Hotel de Dream, named after the bordello previously owned and managed by Cora, is a testament to both Crane and White’s shared belief that no subject is too taboo for great literature. With Crane on his deathbed, and his lover by his side, they conceive the character of a late nineteenth-century boy prostitute in New York who becomes a married man’s object of obsessive affection.

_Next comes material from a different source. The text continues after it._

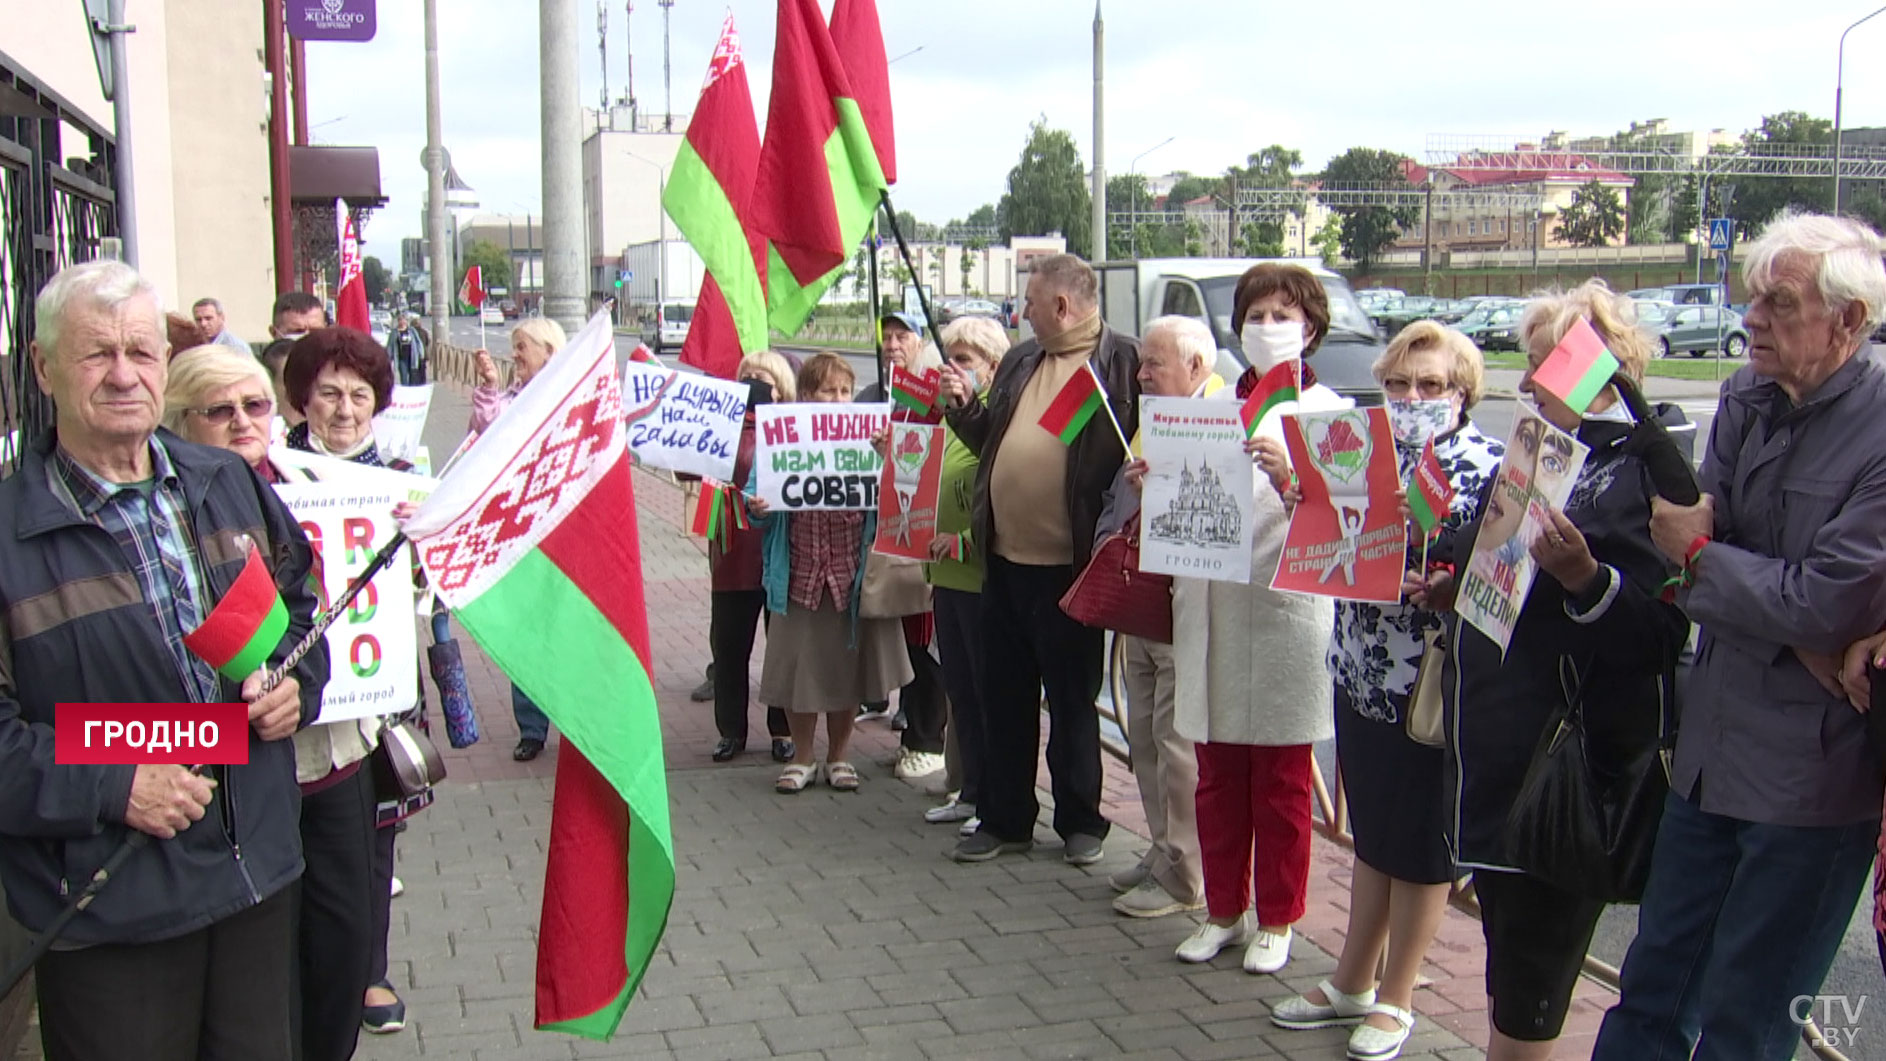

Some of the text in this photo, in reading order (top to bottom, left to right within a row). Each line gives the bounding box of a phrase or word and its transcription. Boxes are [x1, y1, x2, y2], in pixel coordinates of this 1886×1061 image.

The two pursue a precarious, and doomed, love affair, in defiance of Victorian society’s norms and laws. In the true style of White, this work is an exploration of dangerous, undercover homosexuality that plays with hearts and fire. Hotel de Dream also stands as a triumph of historic fiction, in that it is loyal to the realities of its era while maintaining a fascinating Gothic aura suitable for its setting.
The Unpunished Vice: A Life of Reading
It would be a challenge to find an author who worships books as ardently as White. So much, in fact, that he himself considers the activity of reading a contraband, all-consuming pleasure on par with delicious cocktails, fine dining, and gay sex. The Unpunished Vice is White’s velvety hybrid of literary criticism and memoir, offering readers a private tour through his serious and sensuous relationship with books, from youth to adulthood. At one point, White followed a paramour to New York City. While there, he engaged in a secondary affair with the poems of Ezra Pound, his boyfriend’s favorite writer. True bookworms will understand completely.
Present also is White’s frequent commentary on what constitutes good, appetizing writing and what, with considerable disdain for form and style, churns out bad, unpalatable writing. Being a veteran book reviewer, White can safely be considered an authority on the subject, and readers will be happily introduced to many new, obscure, and competent writers that they’ve probably never heard of before. The only period in his life where White wasn’t reading compulsively was the aftermath of his heart surgery in 2014. When he resumed his passion for books, the lost time only spurned him on to write a tribute to the only vice that has never done him, or anyone else, any harm.